:: Exercise objective ::
Exclude images and print all the records verbatim.

:: Entries provided ::

----

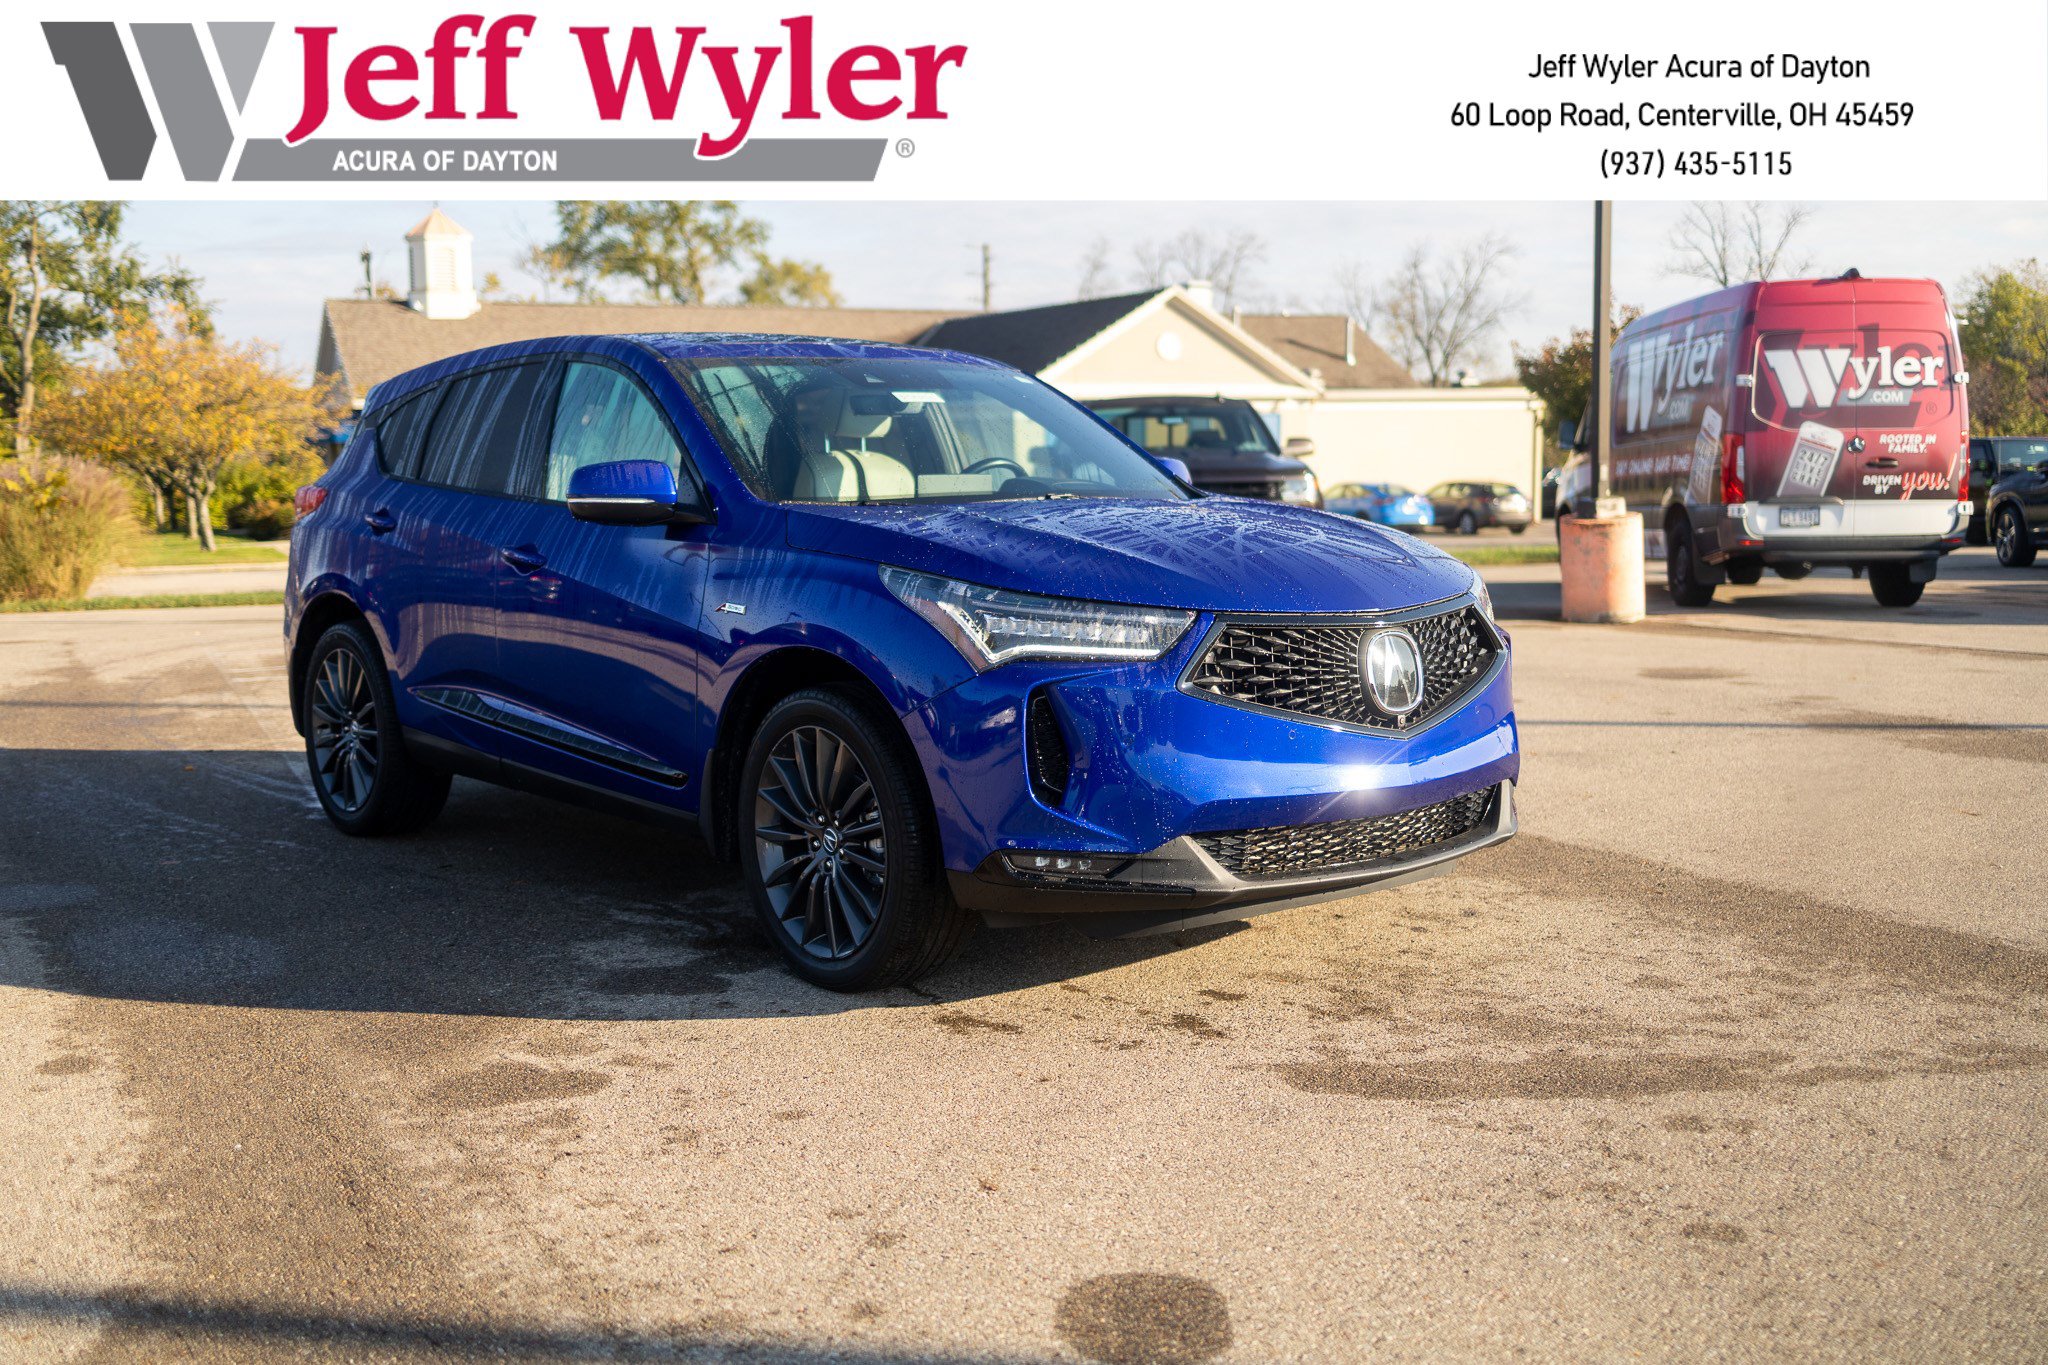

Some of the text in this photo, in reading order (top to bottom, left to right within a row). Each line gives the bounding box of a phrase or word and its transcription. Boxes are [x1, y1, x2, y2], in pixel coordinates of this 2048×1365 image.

[1626, 323, 1725, 434] Wyler
[1764, 346, 1945, 408] Wyler
[1880, 434, 1936, 444] ROOTED IN
[1863, 475, 1902, 485] DRIVEN
[1874, 485, 1890, 495] BY
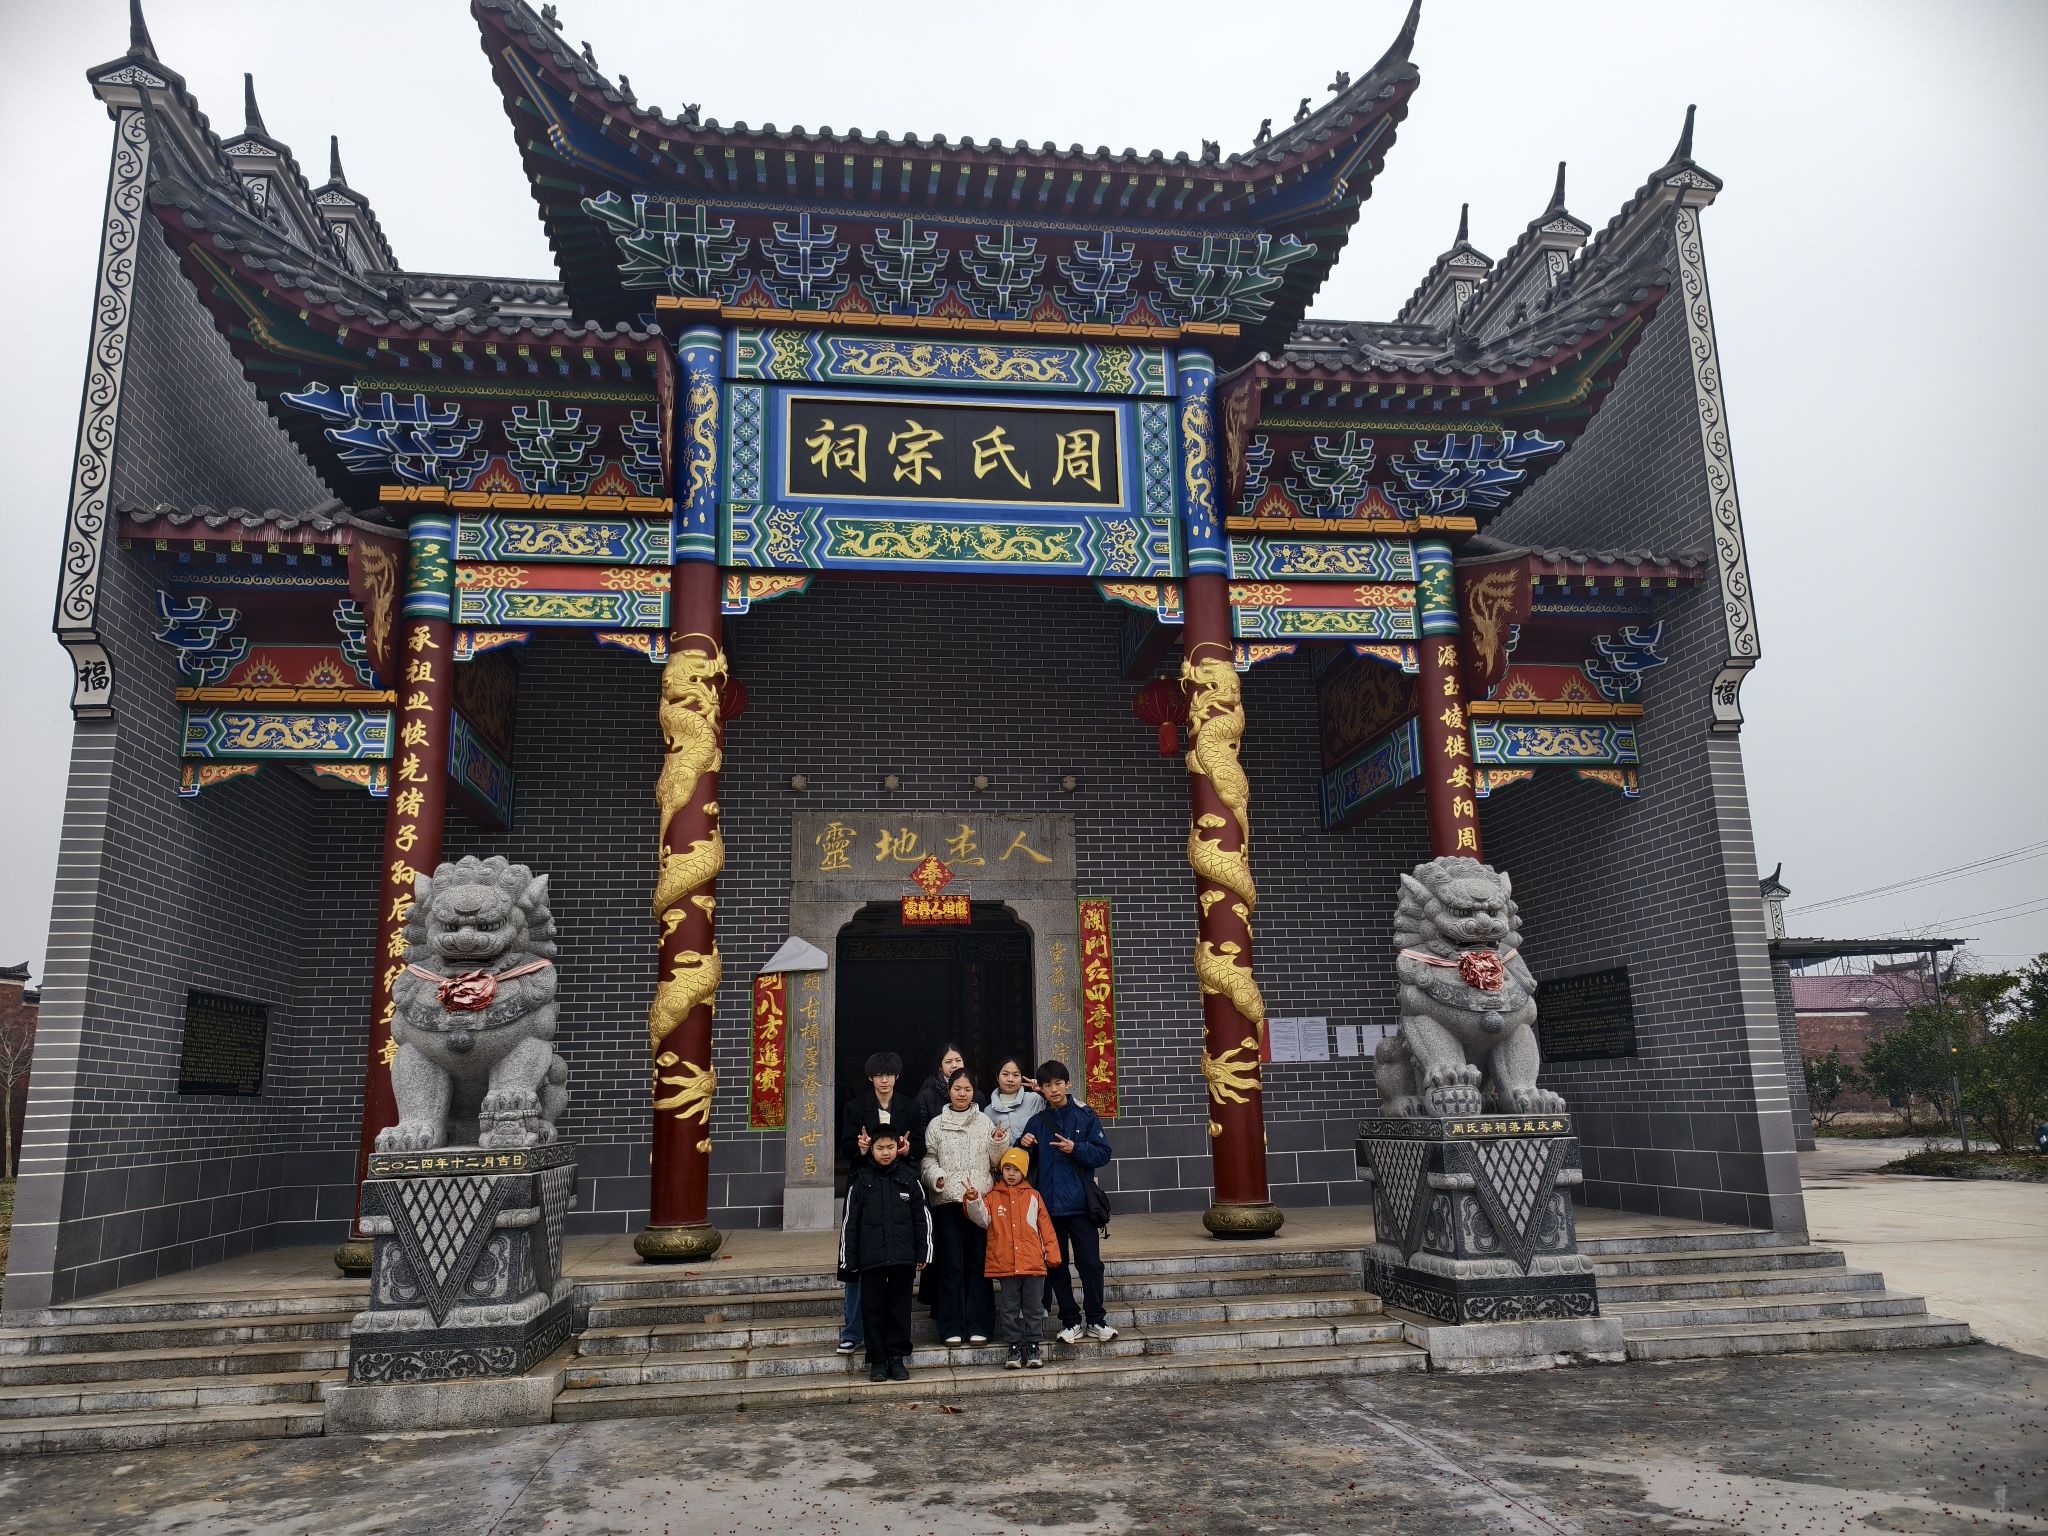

----

:: Response area ::
Some of the text in this photo, in reading order (top to bottom, left to right within a row). Each line gives the bounding box of a phrase or word and its transcription. Boxes are [x1, y1, x2, y2], in pixel coordinates of this 2048×1365 image.

[1626, 323, 1725, 434] Wyler
[1764, 346, 1945, 408] Wyler
[1880, 434, 1936, 444] ROOTED IN
[1863, 475, 1902, 485] DRIVEN
[1874, 485, 1890, 495] BY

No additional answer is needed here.